Besides, another distinction is that only in two of the surveyed works [33, 34], the authors have considered the use of the NSGA-III metaheuristic. However, both approaches have been proposed for task scheduling without considering the automatic, dynamic scaling of the infrastructure. Concretely, in this work, the objectives are to minimize the failure probability as well as the makespan and the monetary cost when different types of on-demand and spot instances are considered.

#### 8. Conclusions

We addressed the problem of autoscaling PSEs in public Clouds (e.g., Amazon EC2 and Google Cloud), considering that the instances of VMs can be acquired under two possible pricing models: the on-demand model and the spots model. This problem implies determining the number and type of on-demand and spot instances to be acquired for executing the tasks in a PSE, and the bid prices corresponding to the spot instances, so that the predetermined optimization objectives are reached. In this respect, three relevant optimization objectives were considered: the minimization of the makespan, the monetary cost, and the impact of OOB errors which are inherent to spot instances. To solve the resulting optimization problem, the well-known multiobjective genetic algorithms NSGA-II and NSGA-III were exploited as part of the autoscaler MOEA, which is the focus of this paper.

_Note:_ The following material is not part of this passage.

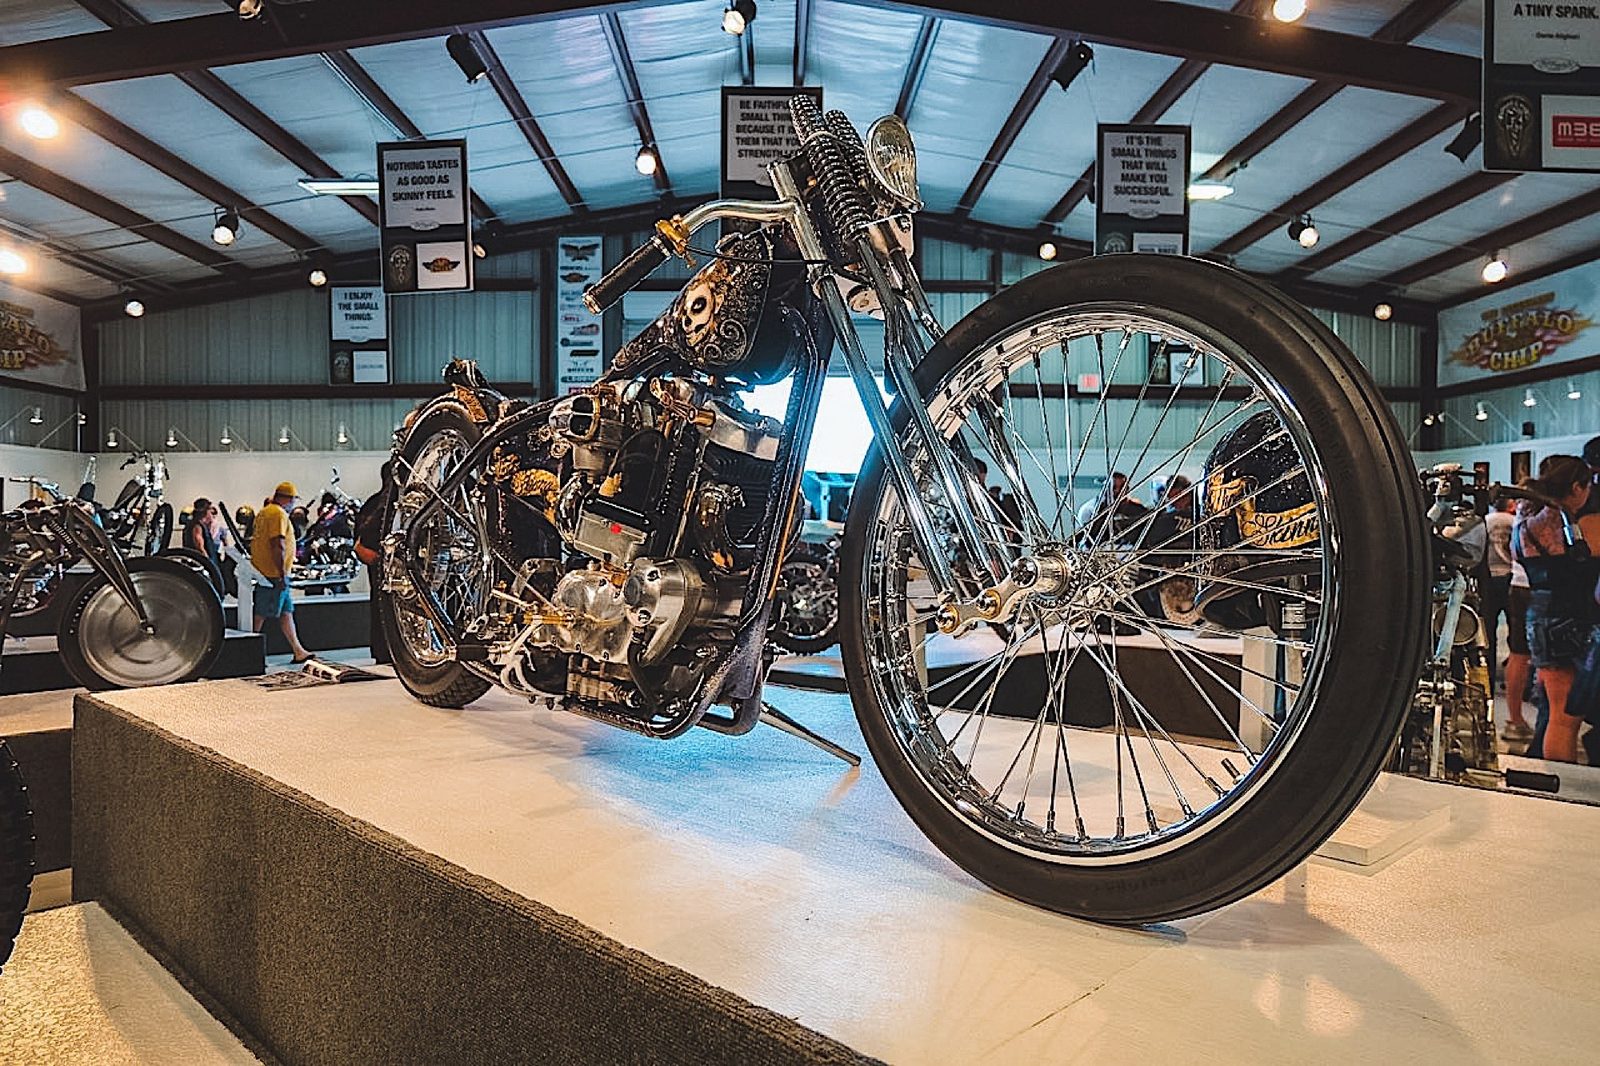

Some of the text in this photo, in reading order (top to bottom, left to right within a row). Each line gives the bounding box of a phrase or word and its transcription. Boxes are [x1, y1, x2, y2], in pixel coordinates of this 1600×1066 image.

The autoscaler endowed with both algorithms was evaluated on three different real-world PSEs, considering three different sizes (i.e., numbers of tasks) for each PSE. Moreover, different types of on-demand and spot instances available in Amazon EC2 were considered. These different instance types have different characteristics in relation to the processing capacity and also differ regarding the monetary cost. These PSE applications and instance types were considered in order to provide diverse realistic experimental settings. Then, the performance of the autoscaler based on NSGA-III was compared in detail with that of the autoscaler based on NSGA-II.

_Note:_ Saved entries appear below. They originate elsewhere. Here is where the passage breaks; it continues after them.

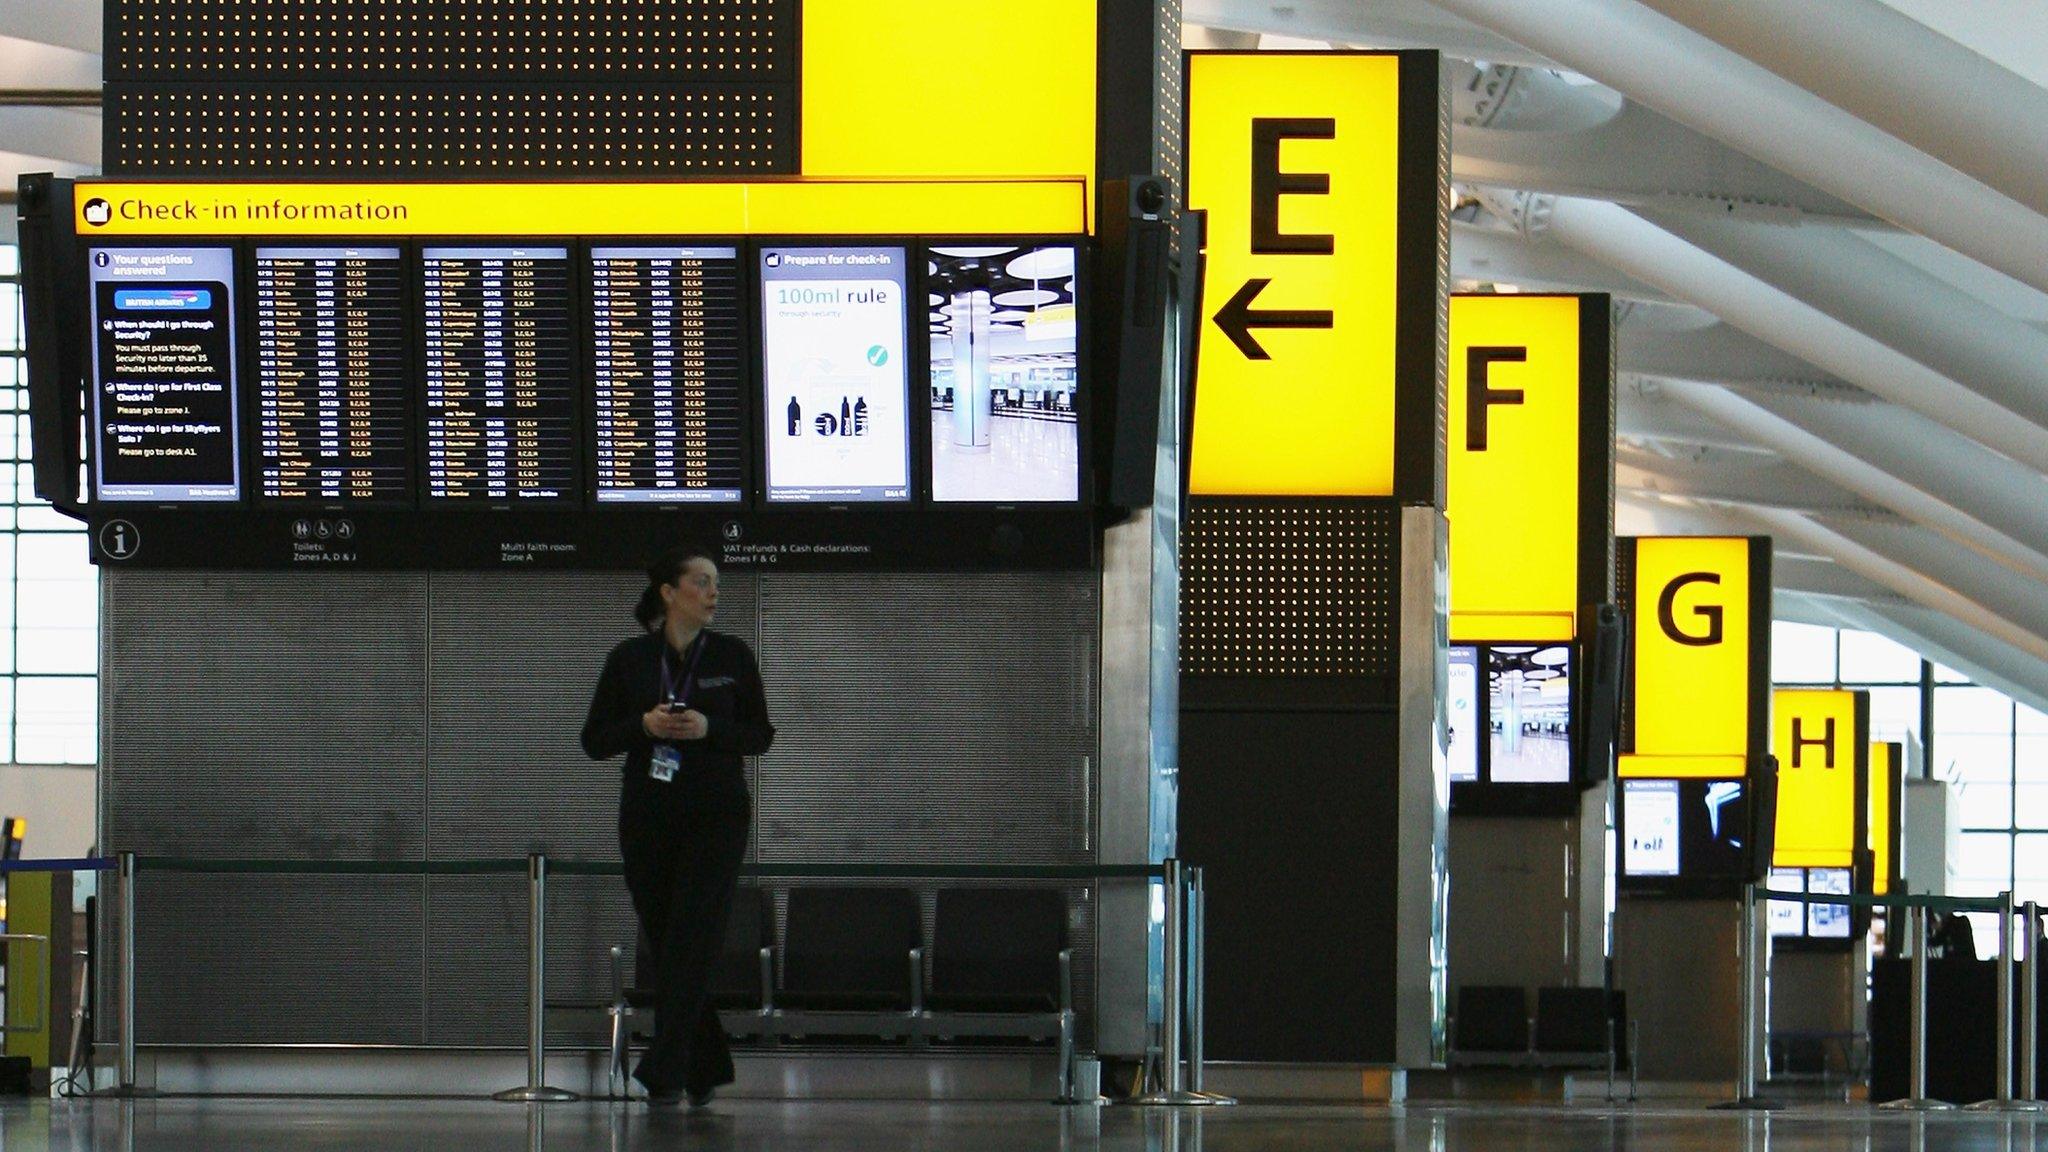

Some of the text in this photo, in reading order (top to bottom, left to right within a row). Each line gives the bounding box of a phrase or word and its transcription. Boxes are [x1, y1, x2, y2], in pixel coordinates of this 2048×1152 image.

[1251, 117, 1336, 256] E
[120, 199, 408, 219] Check-in information
[112, 254, 193, 268] Your questions
[784, 254, 891, 266] Prepare for check-in
[113, 265, 166, 276] answered
[778, 288, 886, 304] 100ml rule
[114, 321, 138, 329] When
[138, 321, 165, 329] should
[170, 322, 181, 330] go
[182, 321, 214, 331] through
[114, 332, 151, 340] Security?
[116, 344, 130, 352] You
[152, 346, 169, 354] pass
[170, 344, 202, 354] through
[115, 354, 146, 364] Security
[159, 354, 177, 362] later
[178, 354, 197, 362] than
[116, 365, 147, 373] minutes
[148, 364, 174, 373] before
[116, 383, 142, 391] Where
[143, 383, 154, 391] do
[159, 384, 170, 392] go
[171, 383, 183, 391] for
[184, 383, 202, 391] First
[1466, 346, 1527, 451] F
[117, 406, 142, 414] Please
[142, 408, 154, 416] go
[118, 425, 144, 434] Where
[144, 425, 156, 433] do
[160, 426, 172, 434] go
[172, 425, 184, 433] for
[118, 448, 143, 456] Please
[144, 450, 155, 458] go
[156, 448, 165, 456] to
[294, 543, 324, 551] Toilets:
[501, 543, 525, 551] Multi
[527, 543, 548, 551] faith
[722, 544, 741, 552] VAT
[743, 544, 778, 552] refunds
[780, 544, 787, 552] &
[790, 544, 812, 552] Cash
[322, 553, 332, 562] A,
[724, 554, 750, 562] Zones
[760, 554, 767, 562] &
[769, 554, 776, 562] G
[1657, 573, 1723, 646] G
[1790, 716, 1835, 769] H

According to the performance comparison carried out, the autoscaler based on NSGA-III has significantly outperformed the autoscaler based on NSGA-II in terms of the *L*_{2}-norm which jointly assesses makespan, cost, and number of task failures caused by OOB errors, in all the PSE applications and sizes considered. Thus, we can mention that NSGA-III may be considered as a better alternative than NSGA-II for solving different instances of the multiobjective autoscaling problem addressed in this paper. Future work will explore other realistic scenarios, including simultaneous optimized autoscaling of PSEs belonging to different users, as well as federated Clouds in addition to single Clouds.

#### Data Availability

The spot prices data used to support the findings of this study have been deposited in the Amazon Web Services (AWS) Spot Prices Data 2016, Mendeley Data, v1 (https://doi.org/10.17632/zcnp5xwvz6.1).

#### Conflicts of Interest

The authors declare that there are no conflicts of interest regarding the publication of this article.

#### Acknowledgments

The authors acknowledge the financial support by CONICET, grant no. 11220170100490CO, and the SIIP-UNCuyo, project no. B082.